The fused instructions are listed in the software optimization guide, and do not include movk AFAIU. I'm guessing that the real transform that you want isn't whether movk is fused for scheduling but whether a load or movk+fmov is used for materializing a fp constant? fmov has a limited bandwidth so should be avoided, but in load-heavy code (or where a load blocks other transforms, as it sounds like is happening here) the movks might be quicker.

Can we fix that directly? Either by changing how constants are materialized or making is so there isn't the load in the entry block of whatever function is causing the problem?

sushgokh · 2025-09-23T10:13:51Z

but whether a load or movk+fmov is used for materializing a fp constant? fmov has a limited bandwidth so should be avoided, but in load-heavy code (or where a load blocks other transforms, as it sounds like is happening here) the movks might be quicker.

You are right about adrp+load sequence being replaced by sequence of 'movk+fmov'. For the code concerned, movk instructions are lot cheaper

Can we fix that directly? Either by changing how constants are materialized or making is so there isn't the load in the entry block of whatever function is causing the problem?

Either by changing how constants are materialized - this is the feature that enables this. I dont know any other way to do this.
there isn't the load in the entry block of whatever function is causing the problem - We have a load at start of BB followed by cmp/branch. Let me check if we can hoist that load.
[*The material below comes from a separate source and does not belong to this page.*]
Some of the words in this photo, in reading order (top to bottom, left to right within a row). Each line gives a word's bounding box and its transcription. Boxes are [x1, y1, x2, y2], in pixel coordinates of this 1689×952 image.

sushgokh · 2025-09-23T10:46:09Z

Can we fix that directly? Either by changing how constants are materialized or making is so there isn't the load in the entry block of whatever function is causing the problem?
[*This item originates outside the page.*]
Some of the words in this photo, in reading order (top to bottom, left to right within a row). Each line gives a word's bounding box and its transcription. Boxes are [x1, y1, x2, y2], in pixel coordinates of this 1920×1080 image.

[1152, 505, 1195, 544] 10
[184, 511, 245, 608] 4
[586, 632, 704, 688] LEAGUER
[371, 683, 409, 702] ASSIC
Now I see what you mean. Let me check the way constants are materialized and see if this can be made core specific

Rather than adding the new feature, this changes the way how constants are materialized for Grace and Olympus.

davemgreen

Can you provide an example of the function this help with? You said it was something in povray? I'm wondering if it is something we can fix more directly. Why are we hoisting a constant into the entry block off a function that can otherwise be shrink-wrapped? Why does a load from a constant pool block shrink wrapping?

davemgreen · 2025-09-27T19:37:14Z

llvm/lib/Target/AArch64/AArch64ISelLowering.cpp

+  // If the constant to be materialized is scalar, it maybe efficient to use
+  // sequence of 'mov + fmov' rather than 'adrp + ldr' on specified CPU's.
+  // However, when materializing vector of constants, there are two things to
+  // note:
+  // 1. Throughput of fmov instruction is very low.
+  // 2. ldr instruction can load multiple constants in one go. Also, it's
+  // throughput is higher as compared to fmov.


Does this say "fmovs limit throughput, loads are great", but then goes on to use the fmov version for these cpus?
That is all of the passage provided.